While competition for Turbo will certainly be tough, in a summer filled with animated, blockbuster sequels that enjoy the advantage of familiar characters and established audiences, Soren does concede (when pressed), “I’m pretty proud of this one.”
Among the nicest feedback he’s gotten so far has been an observation by the film’s composer, Henry Jackman. “Henry pulled me aside after a screening and said ‘Wow. This is a character story, cleverly disguised as a big summer blockbuster.’” During the production process, Soren also met Steven Spielberg, who gave him “phenomenal notes on the film – a summary of his invaluable instincts. He told me I’d done a wonderful job directing the movie. He loved the ending. He also told me that I’d achieved my emotional pay-off at the end, but there were moments in the middle where I was being unnecessarily earnest and could just be more entertaining. I went back to the editing room, trimmed what wasn’t needed, and made sure each scene added to the pay-off or was just more fun.”
Soren has enjoyed seeing the audience’s reaction first-hand during the film’s promotional tour in Barcelona, Los Angeles, New York and Toronto. “The third act of the movie culminates in a big race –you can really feel that the audience is tense, that they’re pulling for Turbo and on the edge of their seats. It’s an amazing experience to see their emotional investment in the characters.”

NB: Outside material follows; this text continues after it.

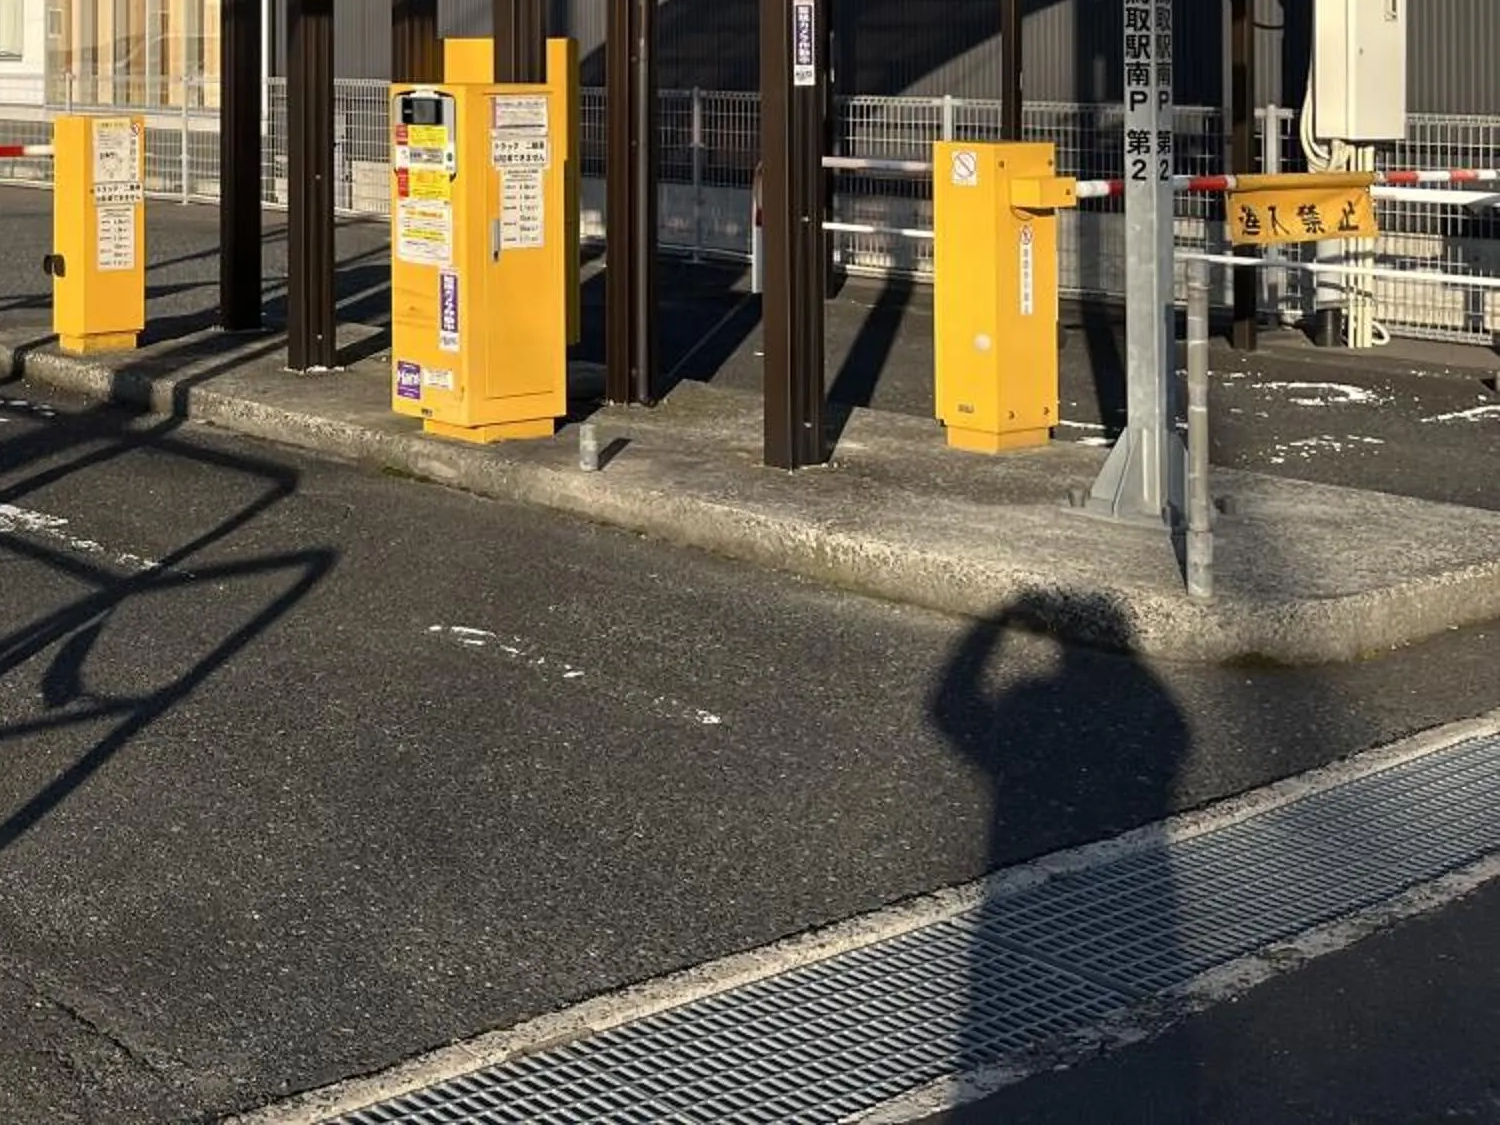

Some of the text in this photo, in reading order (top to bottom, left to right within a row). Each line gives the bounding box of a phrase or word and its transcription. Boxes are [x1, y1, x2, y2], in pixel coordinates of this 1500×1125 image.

[1127, 129, 1151, 182] 第2
[1238, 200, 1359, 236] 進入禁止

He also chuckled that he knew he had a winner when his film passed the crucial ‘popcorn test’ with his own young kids. “Normally when I take them to the movies, they start squirming when the popcorn runs out. But this time, they stayed hooked on the film long after the snacks were gone.”
As for his parting words of advice to students in animation, Soren suggests, “Keep your doors open and don’t try to specialize too soon – you really need to learn all aspects of the craft.” On the art of directing he added, “Sometimes you need to give people feedback on things that aren’t working and that’s hard when you’re dealing with something creative. It stings a bit as an artist when someone else doesn’t like your work. I’ve learned to use the story as the conduit in which to frame my feedback. It’s what the story needs, not what I want. It’s hard to argue with that. The story even trumps me and my will. I found it to be a really useful way to keep people focused on the essence of the project.”
About SheridanSheridan’s Faculty of Animation, Arts and Design is the largest arts school in Canada. Its four-year Bachelor of Animation degree traditionally receives 800 applications from across Canada, the US, Korea, China, India and Brazil for 125 spaces each year. Another three, eight-month long post-graduate certificates are offered in computer animation, digital character animation, and digital visual effects. Sheridan is currently working on becoming Ontario’s first university that is exclusively dedicated to undergraduate applied and professional education. Under the new model, creativity will become a hallmark of a Sheridan education and students will have even more pathways to continue learning throughout their careers.